Three Poems
Words By Amie Whittemore, Art By Arthur Asa
For Hannah
Dark and tasting
of bitter and dirt
it thrives in the heart’s cellar
which looks like it
ruddy, submerged,
inedible unless
cooked or shredded
if eaten raw.
Its pink turns her hands
into slowbloom,
my mouth its rootdark
twin, its rhyme.
She says we’ll dye everything—
hair, shirt, ocean,
tooth, elbow, husk—
red as womb that underheart.
She says she’ll cut my hair
the way women do
when they’re flush with flood.
Flowerbright,
hoarder of vitamins,
its leafcrown a dress
Hannah tosses aside—
she feeds me strand
by nourishing strand
sap paints my neck
all tongue its wake
wet as blood, rootsweet.
Lavender globe, oversized lollipop, bobble-
headed dancer, I desire your frowzy shazam.
So glam, even after death. Bleached and fragile.
I kept your desiccate heads in a vase for years,
transposing meadow into hipster décor.
All you require is dirt, rocks, sugaring of sunshine.
I’d like to find a phalanx of you and lie below,
mooning over a purple planet sky. Discard modern life:
groceries, desks, screens—their companionate plumping.
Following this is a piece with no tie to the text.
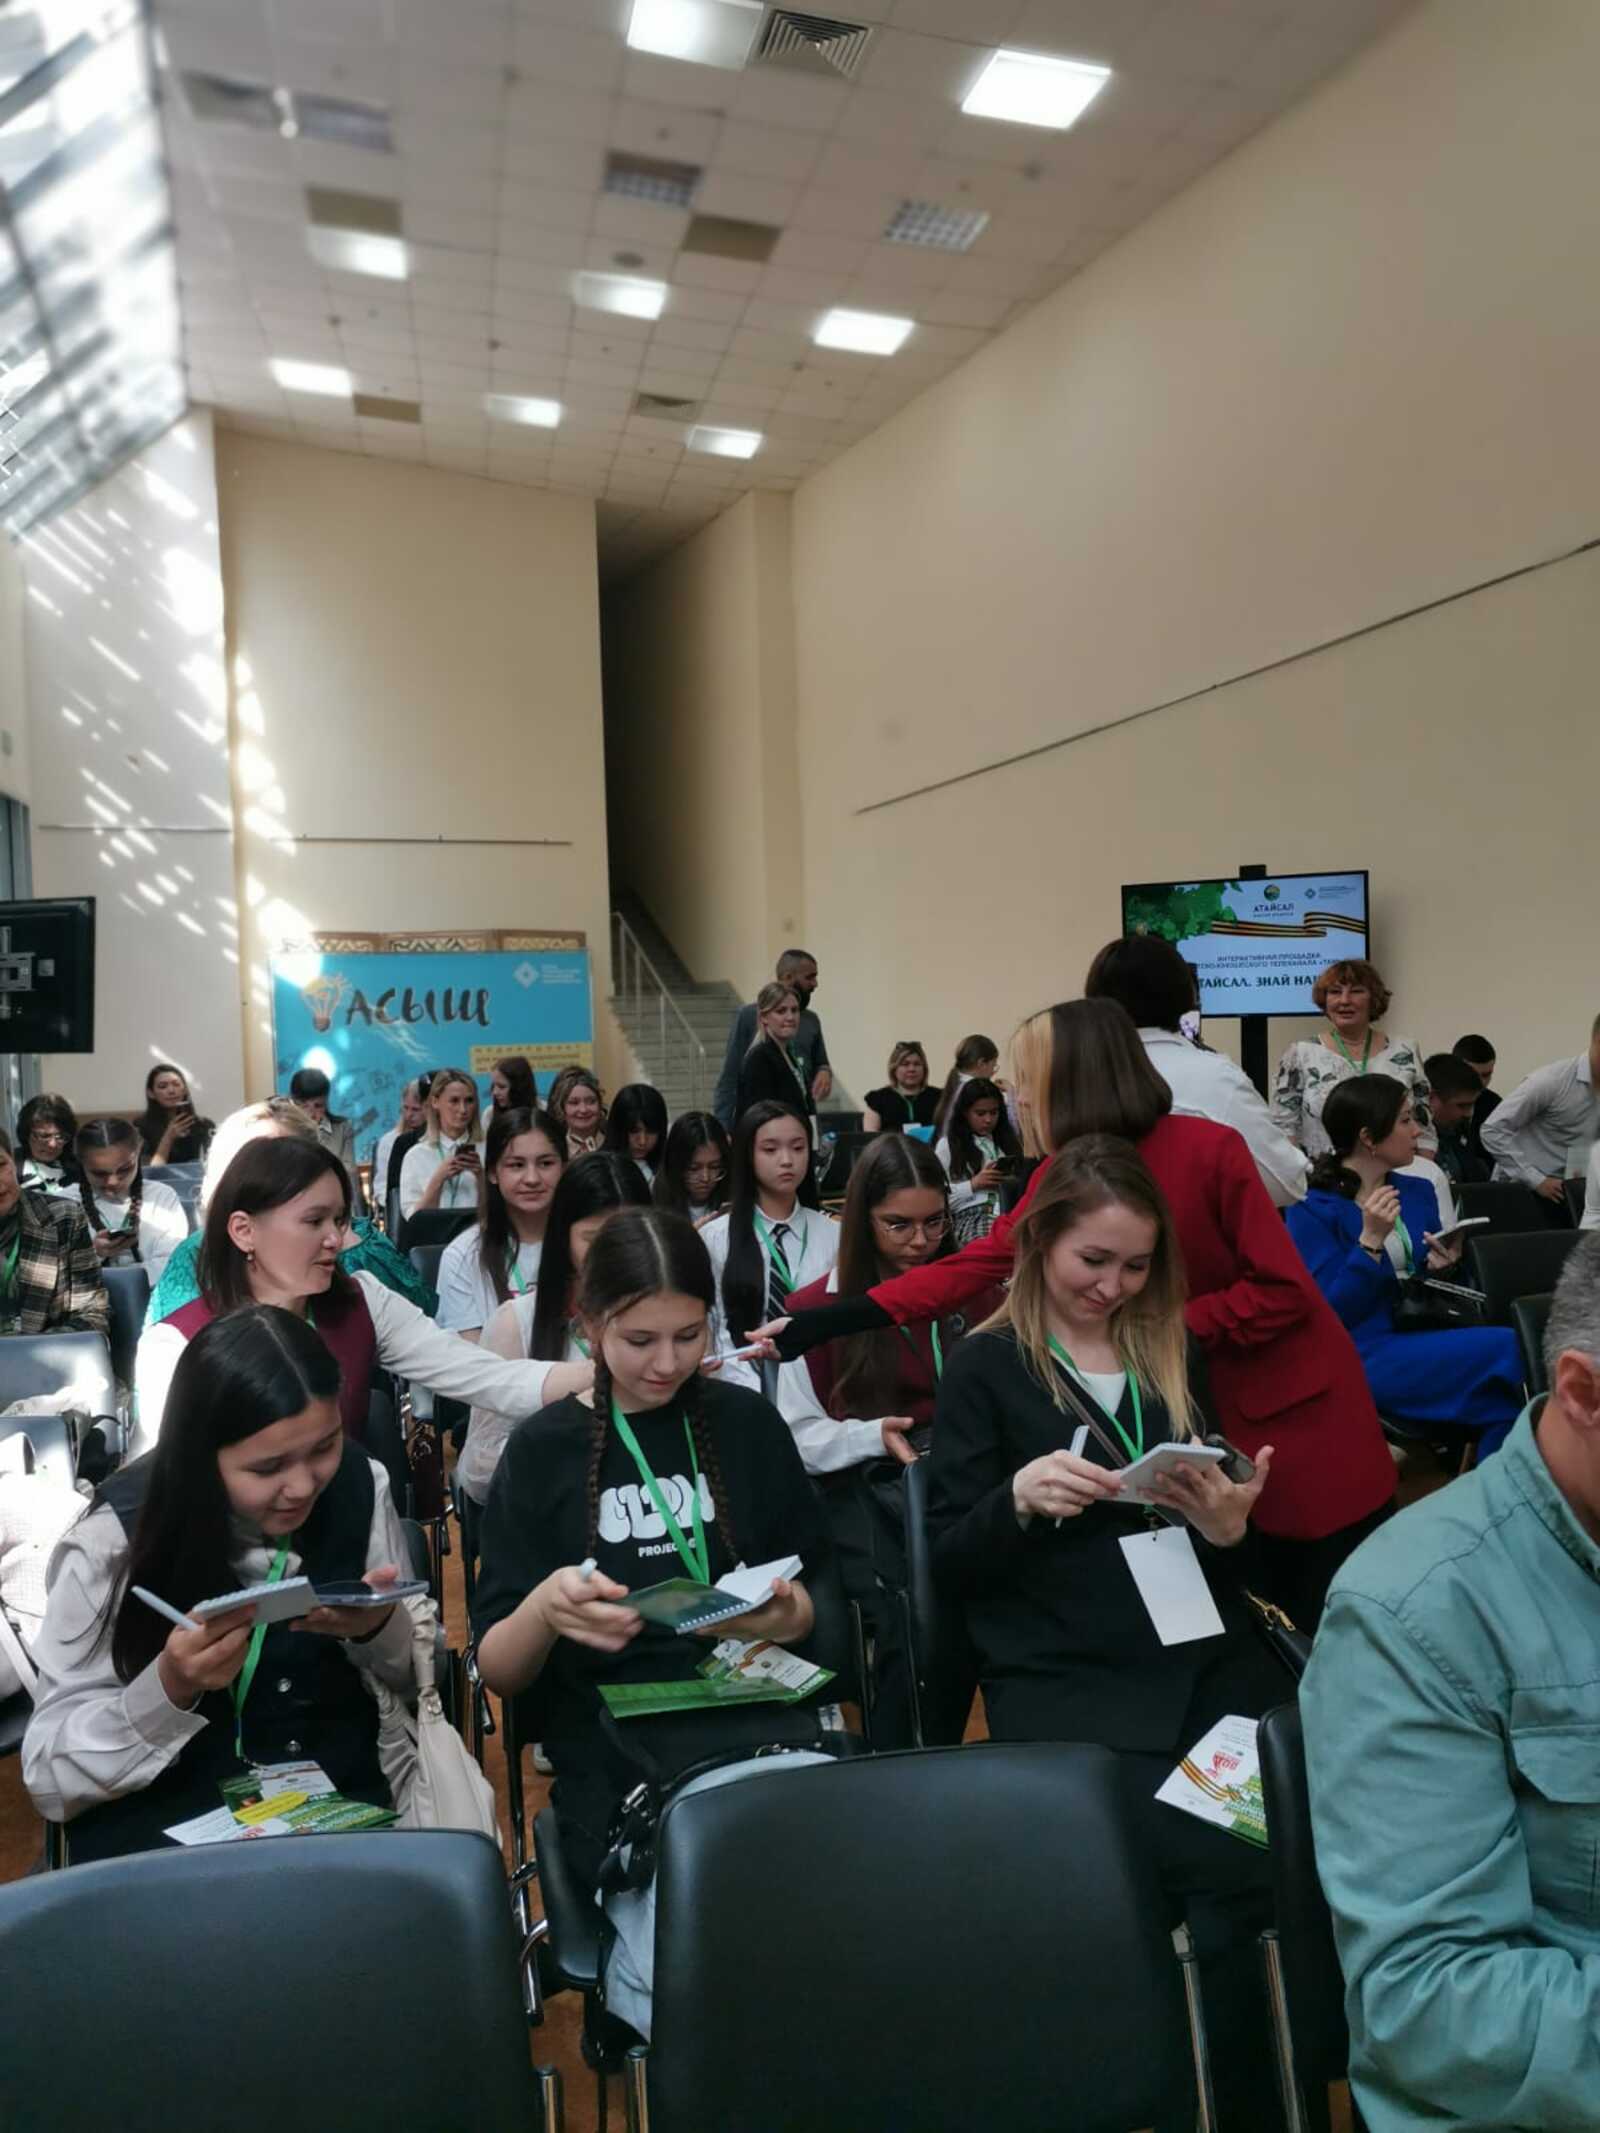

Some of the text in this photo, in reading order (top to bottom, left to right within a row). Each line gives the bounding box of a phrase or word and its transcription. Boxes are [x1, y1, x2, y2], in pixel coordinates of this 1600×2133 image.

[1253, 903, 1294, 912] АТАЙСАЛ
[1199, 973, 1317, 988] ТАЙСАЛ. ЗНАЙ НА
[637, 1543, 679, 1558] PROJEC
Hitch to the caterpillar’s scam and cocoon to you,
stalk-latched, dreaming wings. Proboscis to sip you clean.
For Stephanie Bernhard
Night hangs its dark laundry
from the spruce and magnolias’
white knobs bob in thin wind.
A child, far off, shouts once.
Bike wheels on gravel. Click
of kickstands. Muffled cough.
And now, fireflies, their lust
a most efficient luminescence,
syncing and unlinking,
like revelers at a party’s end.
Fewer though. No migration
for these beetles, every pavement
a disaster. I could add: fewer
toads pouncing from the lawn
mower’s skirr. Fewer bird songs—
all sparrow now, all starling.
Far off a car door slams.
A man’s voice, then a woman’s.
Laughter. Chirp of locking doors.
A cat slinks through grass,
its teeth augury. Its body stand-in
for every engine of extinction.
Japanese beetles fret birch leaves.
Dropped keys sing on concrete.
The fireflies spark and spark—
oh haunted dark, fever of fewer.
This unbearable getting used to.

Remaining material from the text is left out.